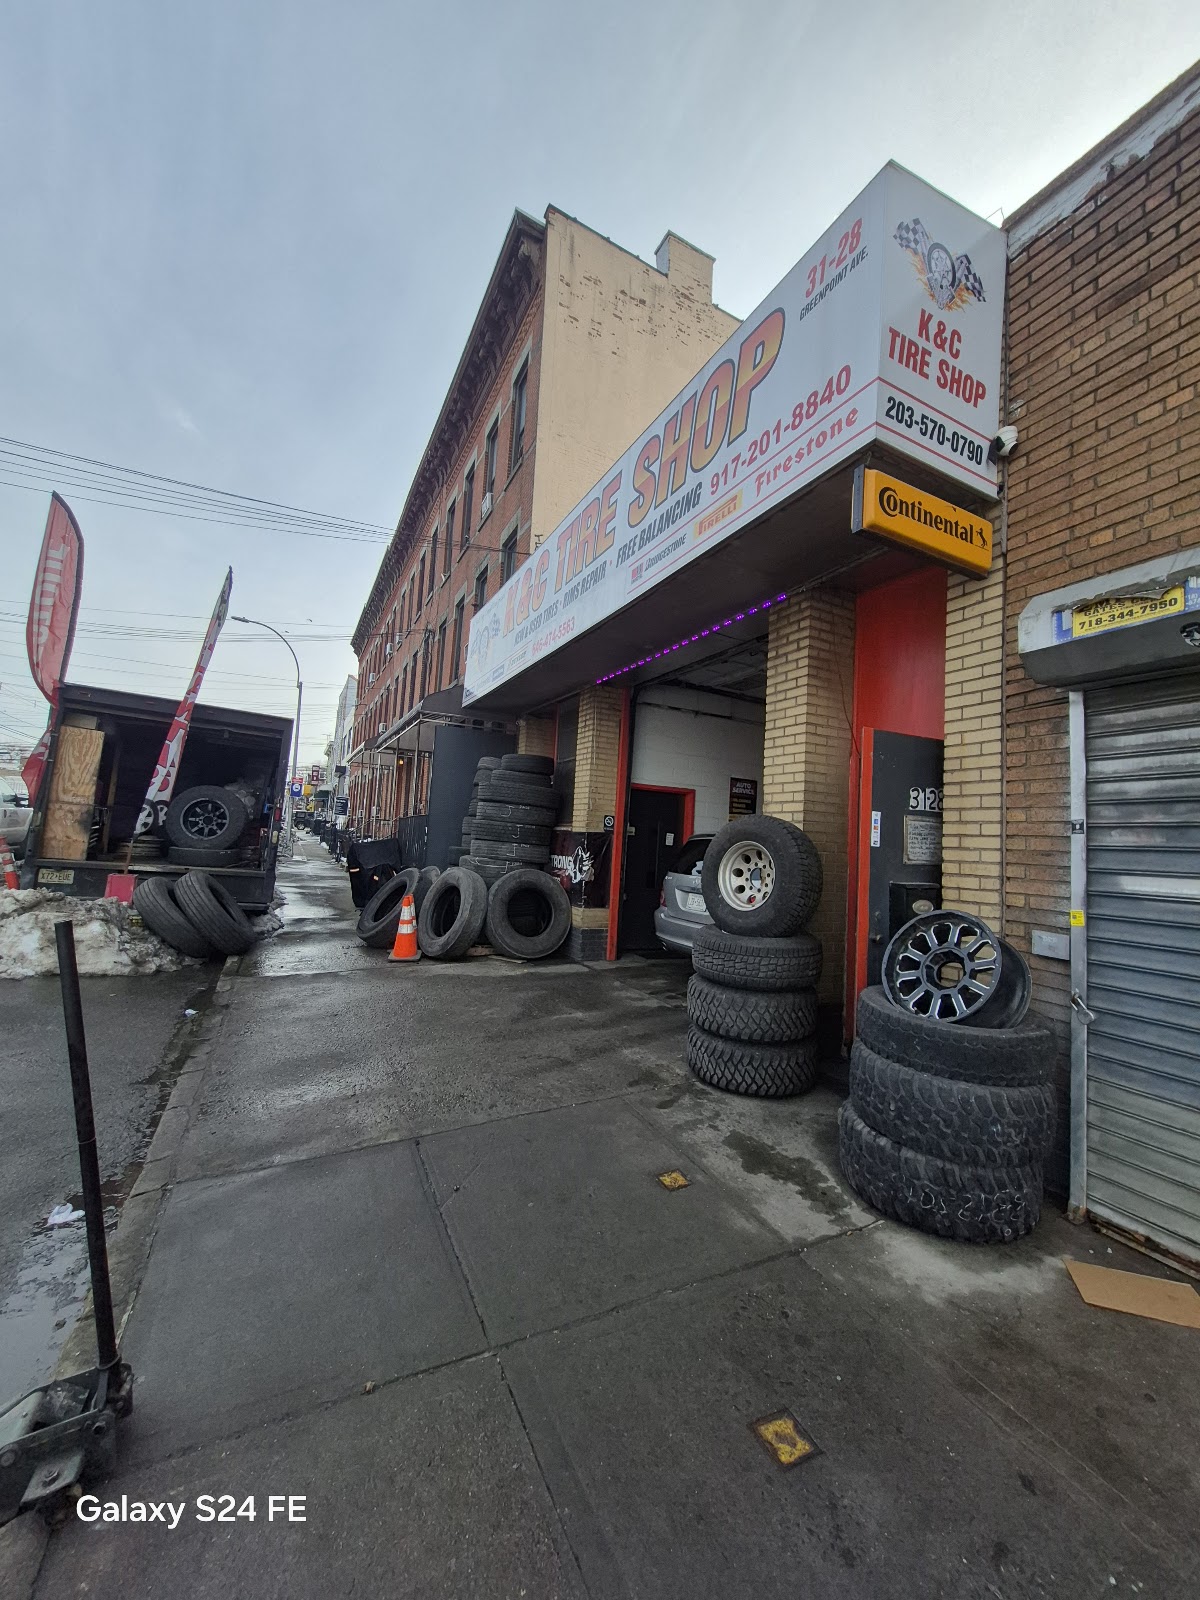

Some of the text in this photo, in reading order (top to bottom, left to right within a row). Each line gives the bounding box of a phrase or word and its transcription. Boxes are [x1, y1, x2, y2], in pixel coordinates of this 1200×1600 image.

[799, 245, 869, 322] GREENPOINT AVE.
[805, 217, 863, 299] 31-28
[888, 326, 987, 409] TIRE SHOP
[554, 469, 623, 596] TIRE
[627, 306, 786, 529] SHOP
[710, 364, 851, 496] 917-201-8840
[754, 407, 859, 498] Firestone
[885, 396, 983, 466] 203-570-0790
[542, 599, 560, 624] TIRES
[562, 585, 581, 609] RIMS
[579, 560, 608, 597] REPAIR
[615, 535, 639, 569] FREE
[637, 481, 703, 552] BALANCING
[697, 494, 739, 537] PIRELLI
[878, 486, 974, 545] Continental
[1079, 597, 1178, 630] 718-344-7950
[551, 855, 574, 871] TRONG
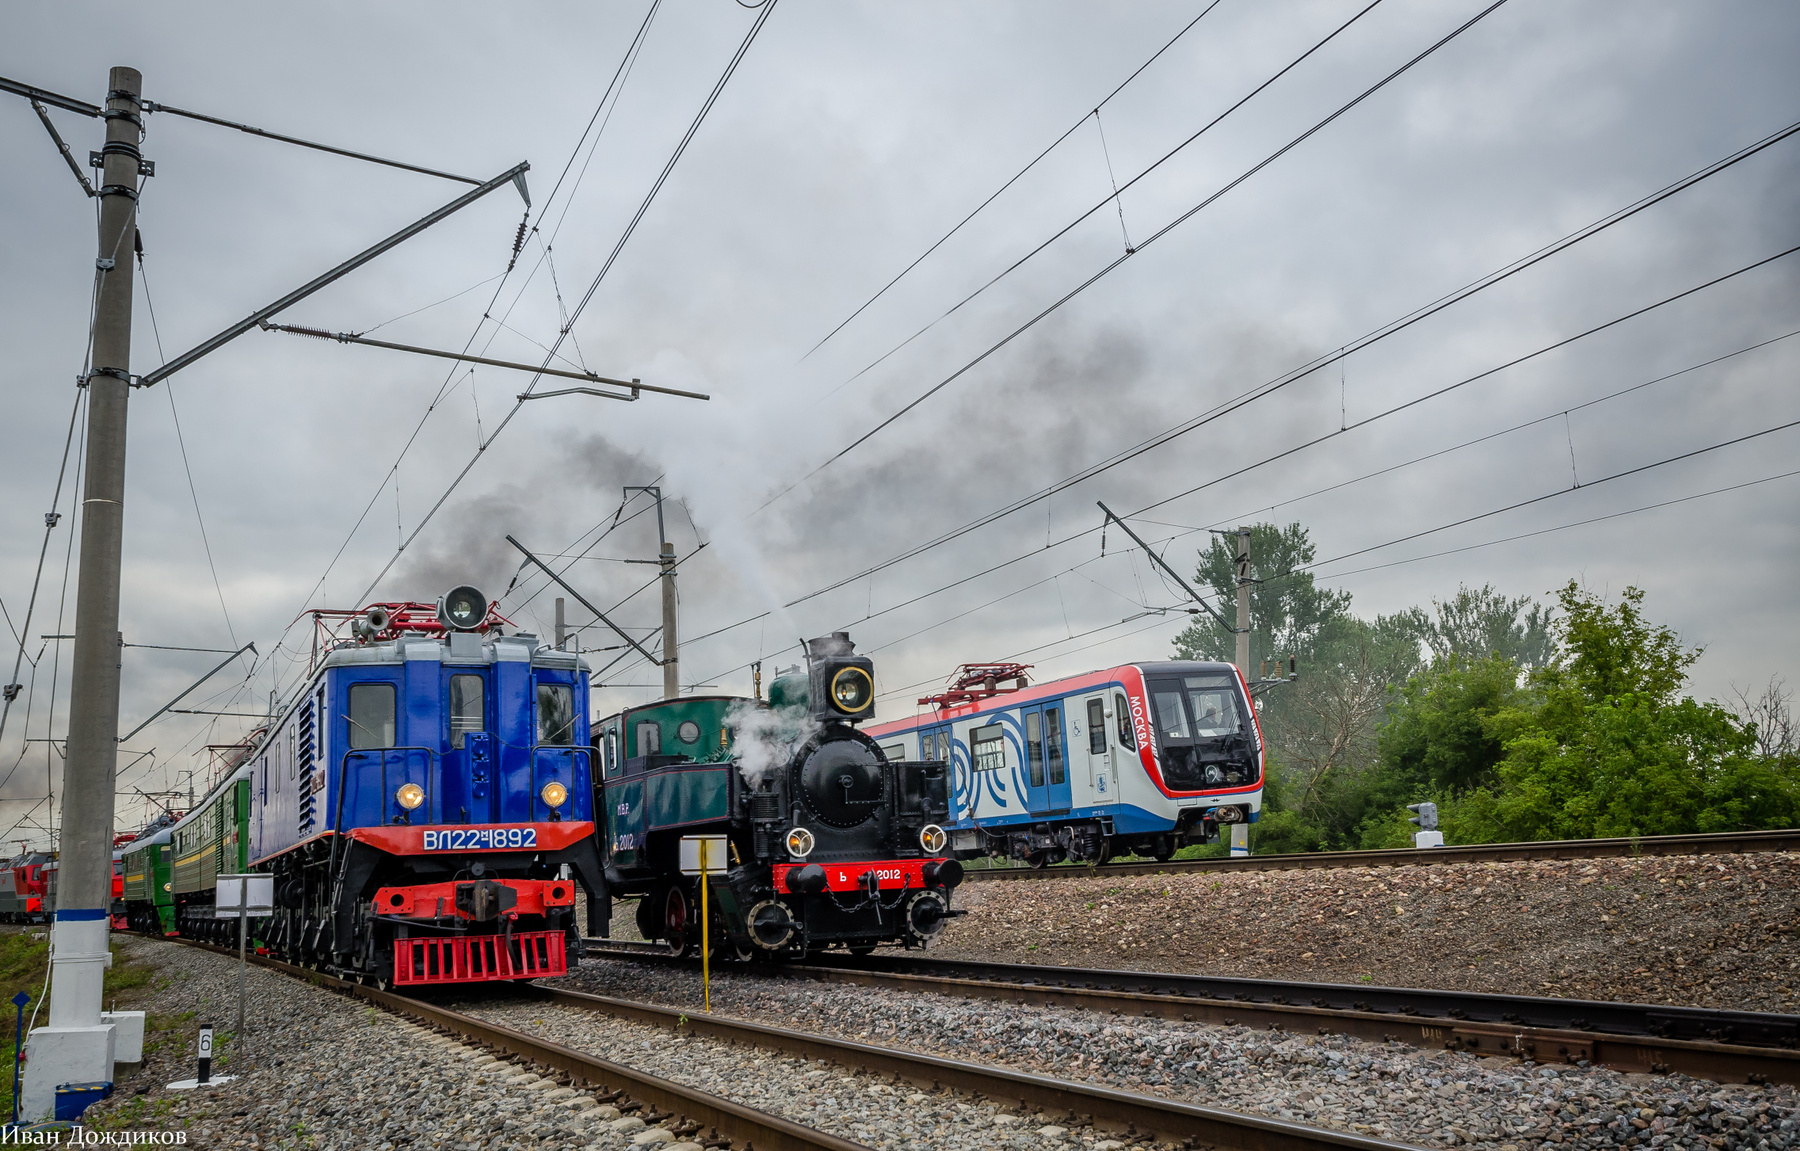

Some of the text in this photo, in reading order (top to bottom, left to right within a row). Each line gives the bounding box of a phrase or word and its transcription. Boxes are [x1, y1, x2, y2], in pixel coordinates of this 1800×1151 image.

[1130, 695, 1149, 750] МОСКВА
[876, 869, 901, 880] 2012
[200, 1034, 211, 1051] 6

**ACTION ITEM**
Each line, starting with the one that holds "this 1800×1151 image." and ending with the last line of the listing, is to be restated exactly.

**SOLUTION**
Some of the text in this photo, in reading order (top to bottom, left to right within a row). Each line gives the bounding box of a phrase or word and its transcription. Boxes are [x1, y1, x2, y2], in pixel coordinates of this 1800×1151 image.

[1130, 695, 1149, 750] МОСКВА
[876, 869, 901, 880] 2012
[200, 1034, 211, 1051] 6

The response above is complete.